I wondered how many guns that were deemed illegal in Oz were turned in with the buy back. Interesting stats. I also wonder how many guns were out there to start with. I can't find that stat:
Unlike the voluntary buybacks in the United States, Australian gun buybacks of 1996 and 2003 were compulsory, compensated surrenders of newly-illegal firearms.
The 1996 Buyback took 600,000 newly illegal sporting firearms, including all semi-automatic rifles including .22 rimfires, semi-automatic shotguns and pump-action shotguns.
Because the Australian Constitution prevents the taking of property without just compensation the Federal Government decided to put a 1% levy on income tax for one year to finance the compensation.
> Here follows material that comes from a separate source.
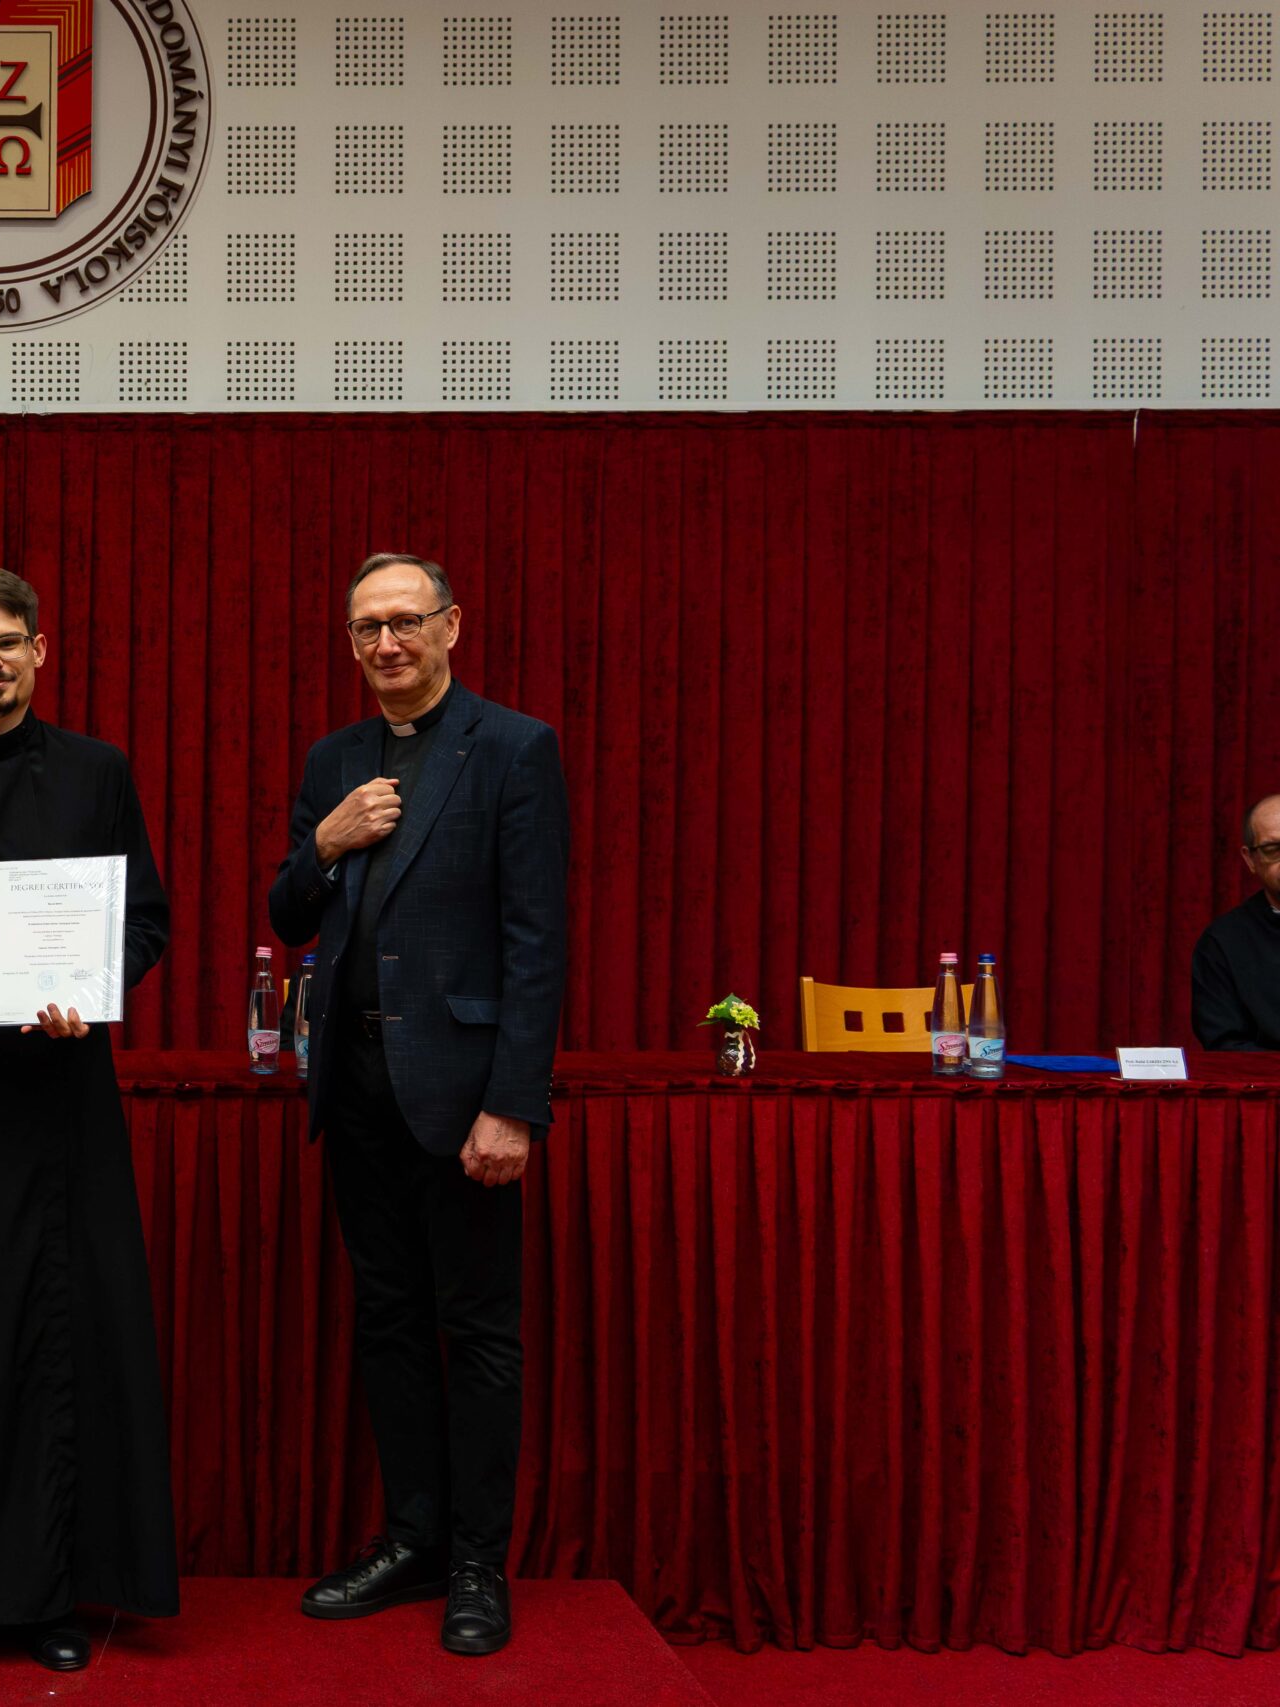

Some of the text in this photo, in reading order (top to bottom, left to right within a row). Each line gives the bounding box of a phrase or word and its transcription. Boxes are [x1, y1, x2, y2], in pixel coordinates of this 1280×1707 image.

[40, 0, 205, 305] DOMÁNYI FŐISKOLA
[10, 882, 46, 892] DEGREE
The buyback was predicted to cost A$500 million and had wide community support
http://en.wikipedia.org/wiki/Gun_buy-back_schemeSo, the US has 300 million guns right now. I don't think a buy back would work, compulsory or otherwise. First of all, the citizens would bitch and moan about a tax, the tax would have to be much higher in the US and it would be virtually impossible to "police" the one's not turned in.
The "cold, dead hands" mentality would result in some shoot outs, imo. Americans are nuts about their guns, their right to those guns and would quickly organize into militia-type groups in order to fight the "evil government take over". IOW, they'd have the first part of the second amendment covered, finally (except for the well regulated part...

)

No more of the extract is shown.